パッティングに対する考え方はいたってシンプルだ。「背骨を軸にして、ヘッドが円く動くようにストロークするだけです」。鈴木のいう“円く”とは、正面から見たときのヘッドの軌道。ダウンスイングで緩やかな軌道でヘッドが下りて、インパクトを迎えたら緩やかな軌道でヘッドが上がっていくことだ。ヘッドを低く長く動かす人もいるが、鈴木は円を描くように振る。

円く振るコツとして、ストローク中、グリップエンドは常に自分を指していることを心がけているという。手元だけが目標方向に出すぎるハンドファーストだと、グリップエンドが自分から外れてしまう。

ここで大切なのが背骨の角度になる。「正面から見て背骨が左右に傾いてしまうと、背骨を軸に円く振ることができないからです」。背骨を地面と垂直にしてストロークすると円く振れる。そのために気をつけているのが「肩のラインを地面と平行にすること。ショット同じように順手だと構えたときに右手が左手よりも低い位置にくるので、どうしても右肩が下がり、背骨が右に傾きがちなので要注意です」と鈴木。

背骨を地面と垂直にして構えるために、一度直立姿勢に立って両手を胸の前に持ってくる形をつくる。このときに両肩が水平になっているかを確認。そのまま肩の高さを変えずにヘッドを地面の上に置く。場合によっては、クロスハンドグリップに構えてしばらく練習することで肩の高さを水平にすることもあるという。

■体は大きく動かさずに肩甲骨を使って振る

「ストローク中はできるだけ体を動かさないようにします。アベレージゴルファーは下半身も含めて体を動かしすぎるので、インパクトでパンチが入ったり、軌道が安定しないのです」。鈴木の場合、下半身を動かすことはなく、体を回す意識もないという。多少胸の向きが変わるものの、あくまでも動かすのは肩から先だけで、それも肩甲骨によって操作する。

「小さな動きでヘッドを大きく動かすイメージです。上半身をまったく動かさないぐらいの意識を持ちましょう」

あとはクラブを“インサイドストレートイン”の軌道を意識してストロークをする。ヘッドが同じ高さで動くため、ボールをフェースの芯でとらえる確率が高くなり、転がりもよくなるという。パッティングで思うようにボールをコントロールできないという人は、背骨の傾きをチェックし、ムダな動きを抑えることを第一に考えてみてはどうだろうか。

取材協力・季美の森ゴルフ倶楽部


■鈴木亨
すずき・とおる/1966年5月28日生まれ、岐阜県出身。
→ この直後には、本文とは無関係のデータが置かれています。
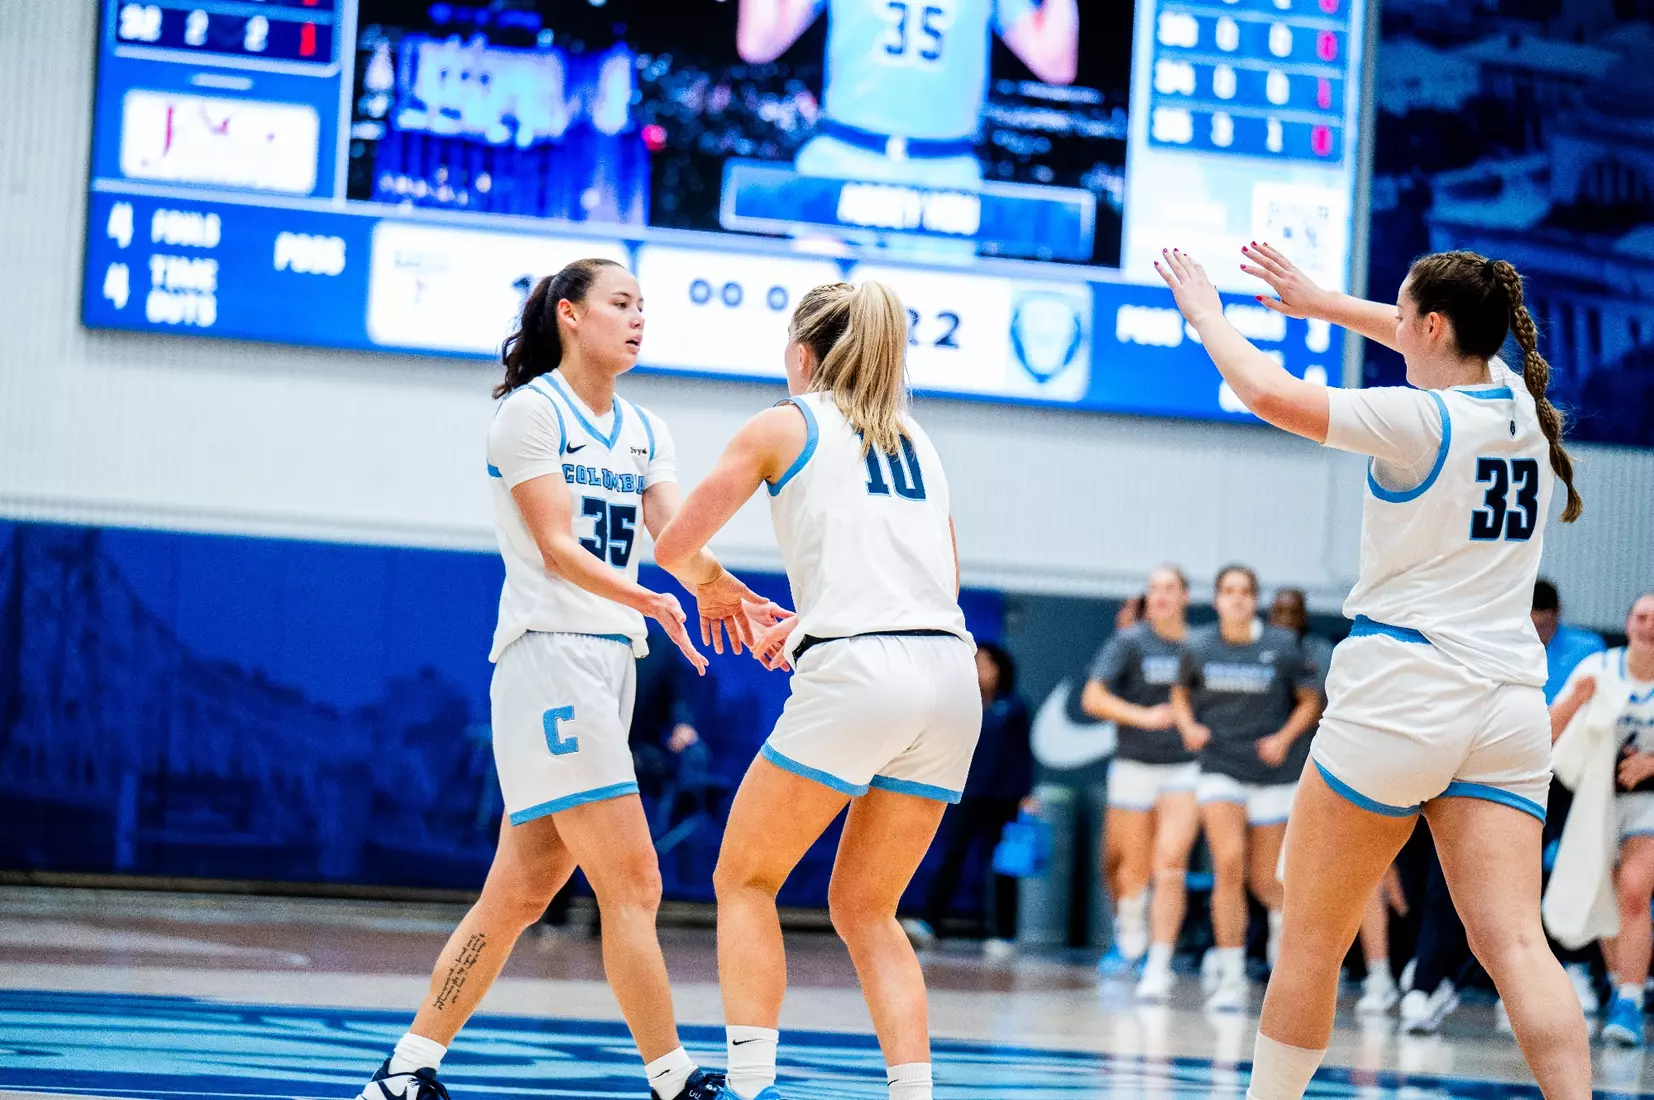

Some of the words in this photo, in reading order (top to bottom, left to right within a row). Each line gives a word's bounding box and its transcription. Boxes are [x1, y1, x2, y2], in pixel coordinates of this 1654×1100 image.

身長178センチ、体重80キロ。日本大学ゴルフ部時代は「日本アマ」などのタイトルを獲得。同期には川岸良兼がいる。89年にプロ転向後は、93年にツアー初優勝をはじめ、通算8勝。2011年までシード選手として長年活躍。シニア入り後は、3年目の18年に3勝を挙げて賞金ランキング2位。今季は賞金王を目指す。シニア通算5勝。ミズノ所属。